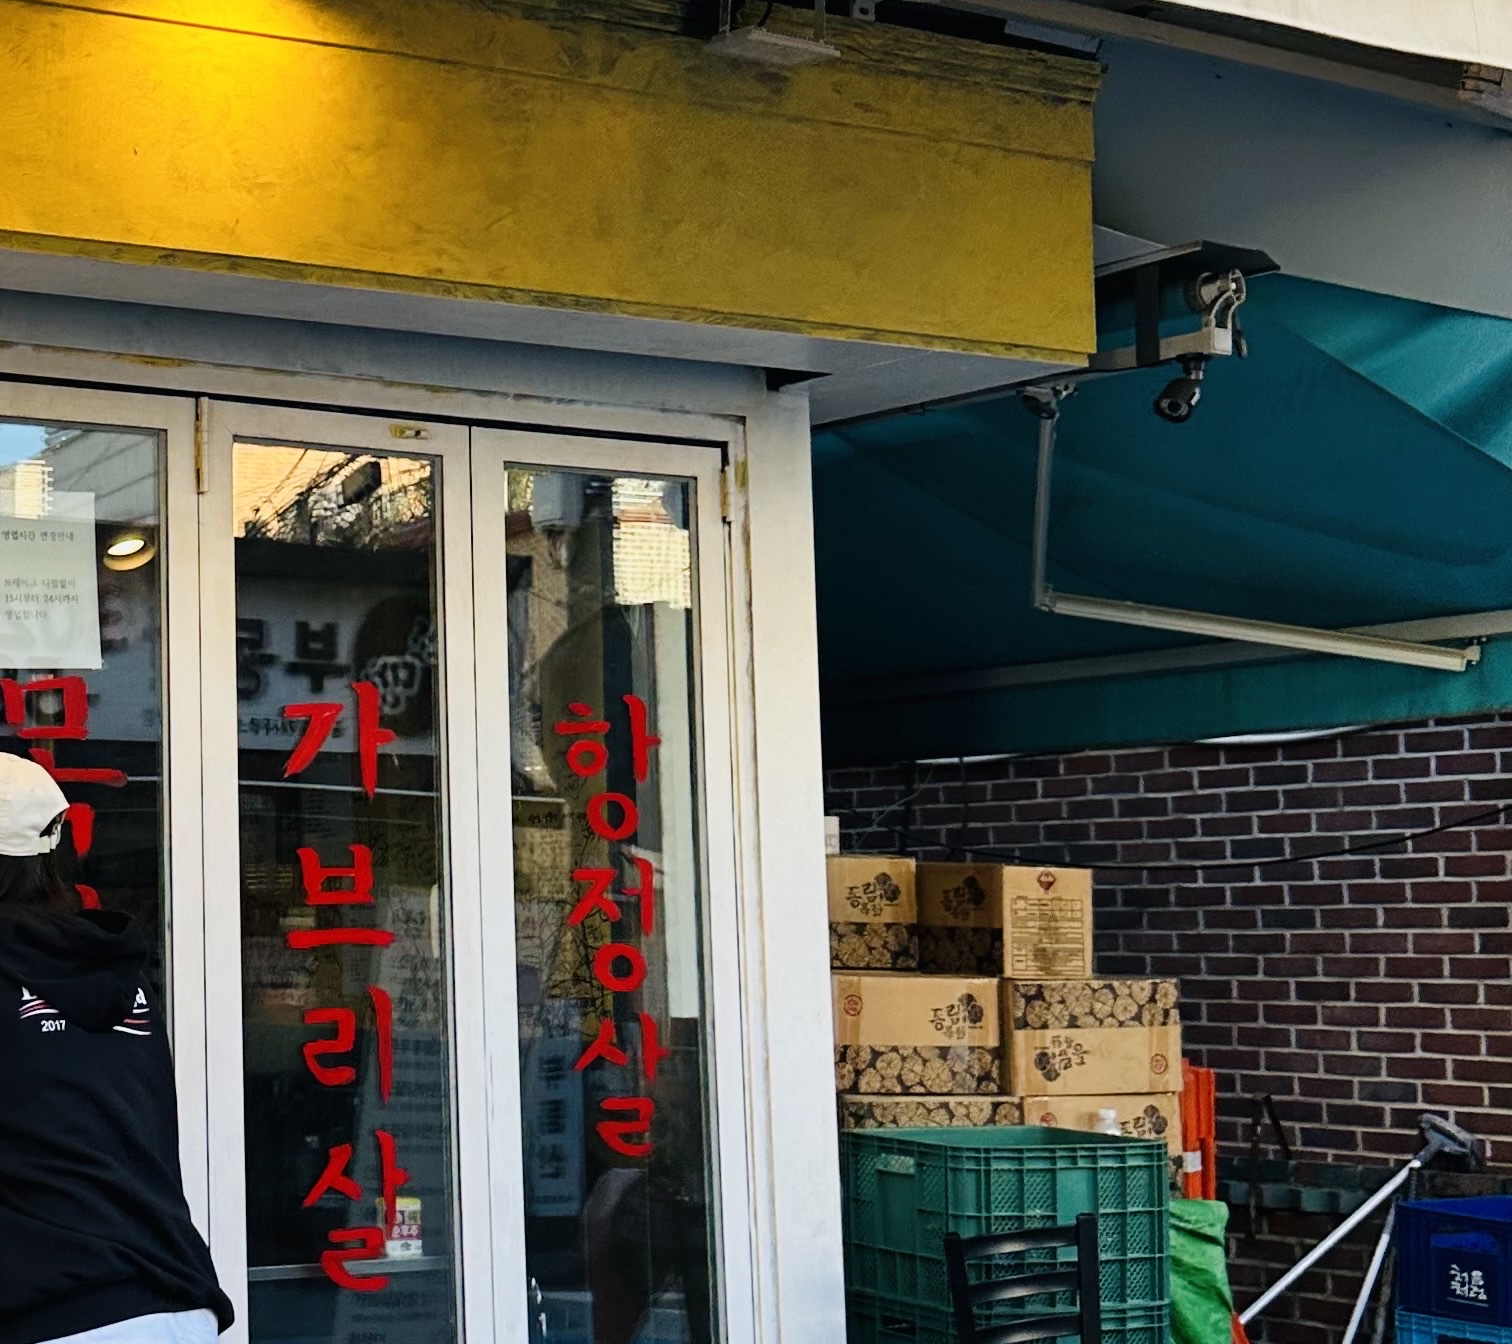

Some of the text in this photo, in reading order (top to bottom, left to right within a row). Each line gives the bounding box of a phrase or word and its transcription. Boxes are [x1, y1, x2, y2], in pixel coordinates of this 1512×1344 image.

[40, 1019, 66, 1033] 2017
[280, 680, 414, 1292] 가브리살
[551, 691, 672, 1158] 항정살
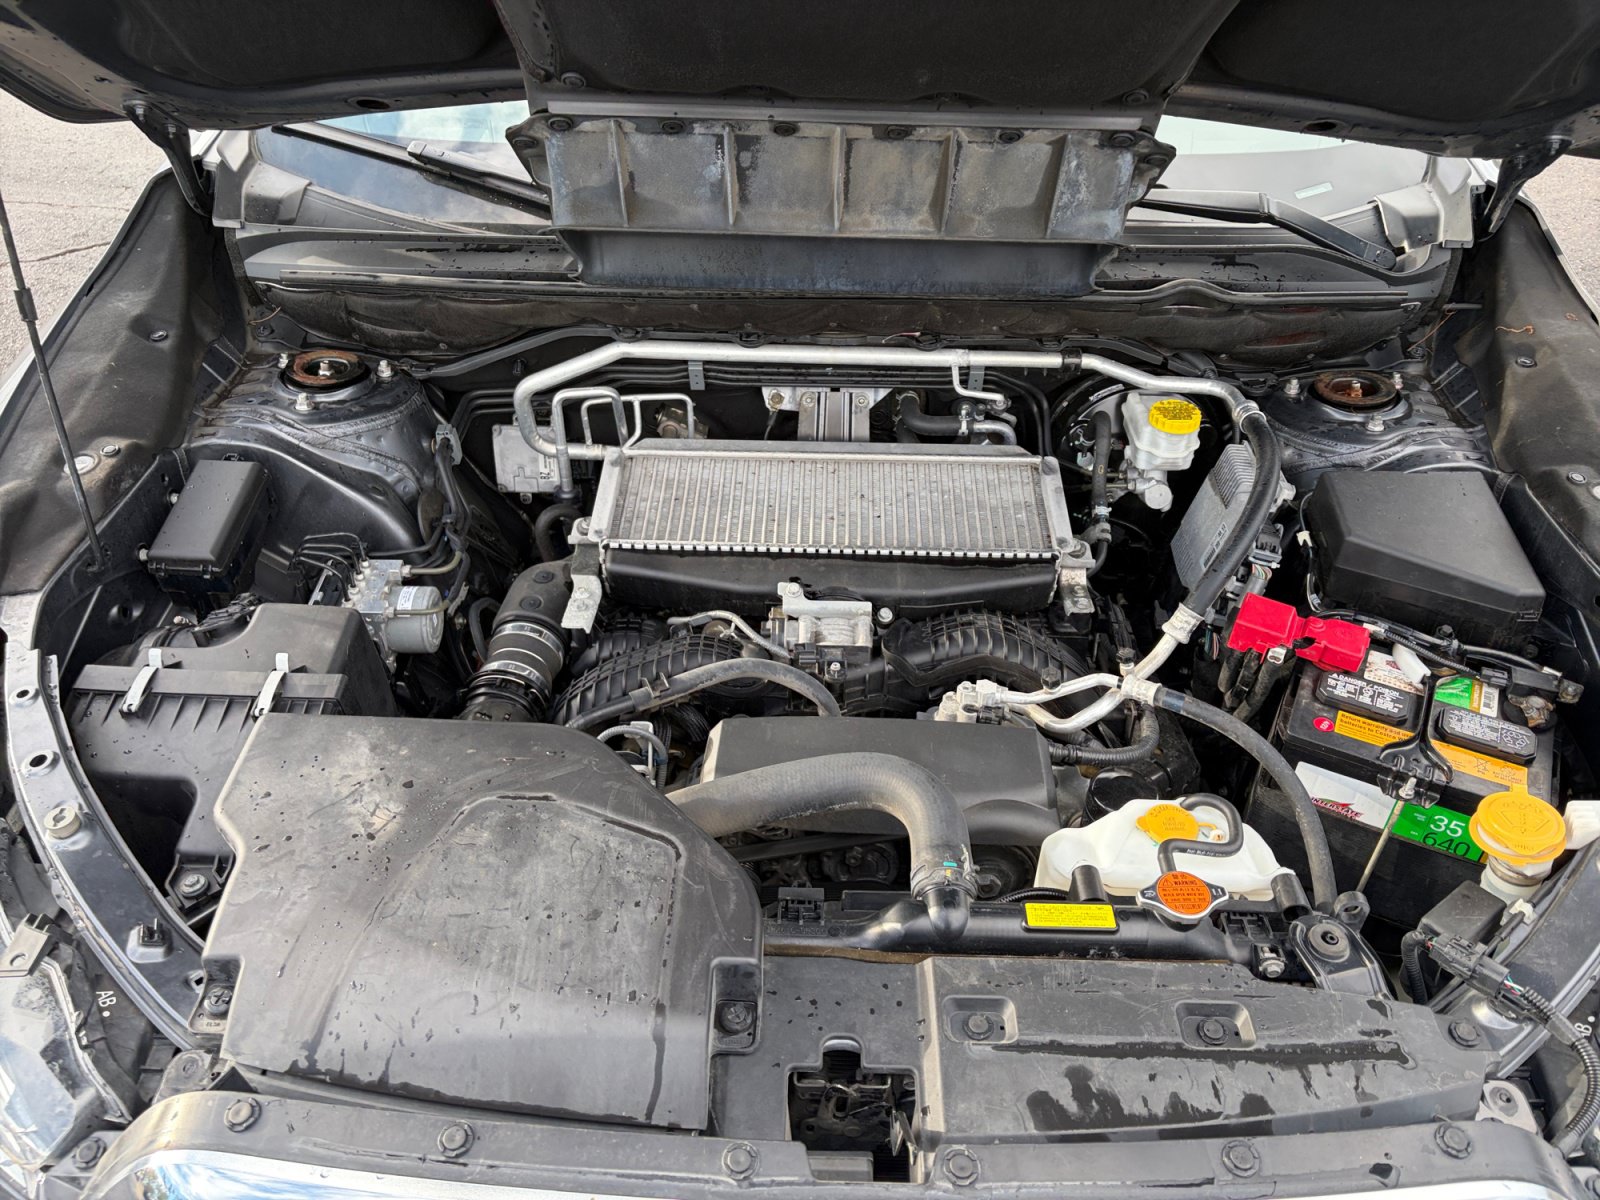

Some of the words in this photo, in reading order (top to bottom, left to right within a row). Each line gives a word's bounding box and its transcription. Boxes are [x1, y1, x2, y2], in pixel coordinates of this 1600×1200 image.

=-=-=-=-=

**What to produce**
Could you give the listing above again word for word, without any pictures?

**Solution to the exercise**
Some of the text in this photo, in reading order (top to bottom, left to right within a row). Each line gives the bounding box of a phrase or word and its transcription. Boxes are [x1, y1, x2, y2], in pixel coordinates of this 1512×1344 image.

[40, 1019, 66, 1033] 2017
[280, 680, 414, 1292] 가브리살
[551, 691, 672, 1158] 항정살

Some of the words in this photo, in reading order (top to bottom, left to right within a row). Each line gives a word's bounding box and its transcription. Boxes are [x1, y1, x2, y2], in pixel coordinates of this 1600×1200 image.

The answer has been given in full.